One definition of insanity that is often cited is the practice of repeating the same failed practice over and over expecting different results. Though this doesn’t apply to all academic institutions, all of the time, when it comes to the relationship between emotion and learning, the traditional approaches of institutions routinely fail students, or at best, help them only by accident.

A study published in “Praxis: A Writing Center Journal” on the attitudes towards emotion in academics, explores how traditional institutional practices regard negative emotions, like anxiety, fear or anger. The study suggests that most academic support services almost exclusively treat these emotions as disruptive and frame them as “baggage that we must carry around.” They also tend to suggest that reason and emotion are mutually exclusive states that are external and a student should be able to shift between them.

However, countless studies on the subject have proven repeatedly that the emotional connection of a student to material and instructor constitute a critical factor for success. In fact, the two are mutually dependent. So much so, that according to empirical data, success for students is inextricably linked to their ability to regulate their emotions.
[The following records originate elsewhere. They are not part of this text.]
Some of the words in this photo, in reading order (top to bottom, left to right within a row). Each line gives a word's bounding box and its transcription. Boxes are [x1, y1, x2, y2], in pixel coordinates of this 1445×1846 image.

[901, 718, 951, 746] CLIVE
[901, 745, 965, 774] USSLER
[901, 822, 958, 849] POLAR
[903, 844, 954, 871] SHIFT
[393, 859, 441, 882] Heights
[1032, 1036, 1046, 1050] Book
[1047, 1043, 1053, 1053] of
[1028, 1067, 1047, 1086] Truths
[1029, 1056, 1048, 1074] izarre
As the author of this study suggests:

“writing-based emotions could function generatively or disruptively; that is, these emotions can lead to both short term writing success and long-term writing development—or not. It really depended on how a student used them, experienced them, and most importantly managed them. This means that these so-called emotions that writing center tutorials want to move out of the way and see as disruptive are actually central to long-term learning outcomes.”
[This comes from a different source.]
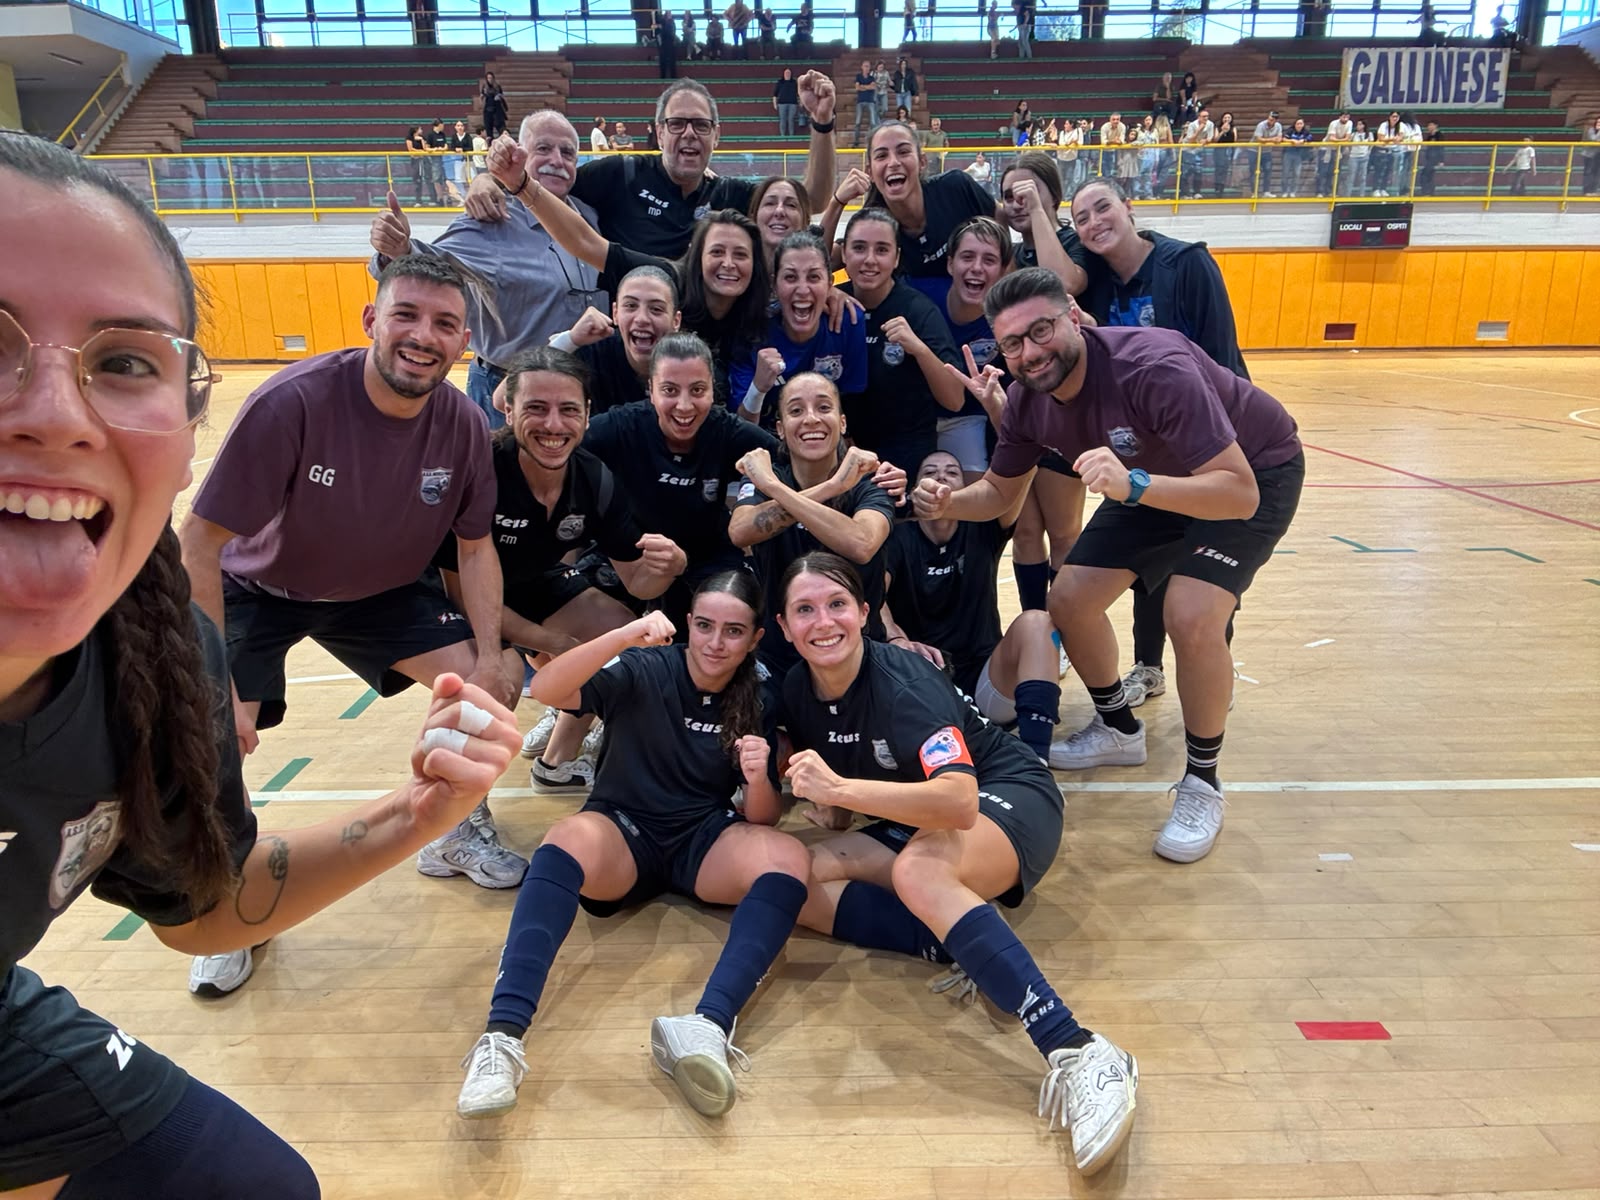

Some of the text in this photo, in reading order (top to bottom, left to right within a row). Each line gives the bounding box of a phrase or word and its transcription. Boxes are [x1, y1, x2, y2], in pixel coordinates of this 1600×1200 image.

In casual observation, this is undoubtedly true. Do you think that students who fail to put forth a full effort on any particular assignment are thwarted more often by intellectual inability, or by the inability to manage feelings of frustration with the exercise or the instructor, anxiety or fear over the grade, or boredom with the subject? In my experience failure is due almost exclusively to the latter explanations.

If this conclusion is indeed true, wouldn’t it make a whole lot more sense to focus on accepting and managing these negative emotions if we’re interested in helping the student succeed? Or at least offer a partial effort? Or any effort whatsoever? But traditional educational structures alienate these negative emotions, and treat them as worthy of quarantine and reform.

I think we’ve got to educate the whole student: both halves of the brain, negative and positive emotions in combination with the intellect. Isolating and bifurcating the possibilities of the human mind is extremely limiting and anxiety-provoking. After all, we can’t truly ever sincerely escape ourselves, only pretend to exist in such a vacuum. Our kids deserve a better educational system that takes this extensive research into account, and not one that clings to traditional models that limit and fragment. These emotions in concert with the intellect turn a child who traditional systems label as “problematic” into one that is actually quite powerful instead, unified and empowered by capability and limitation accepted.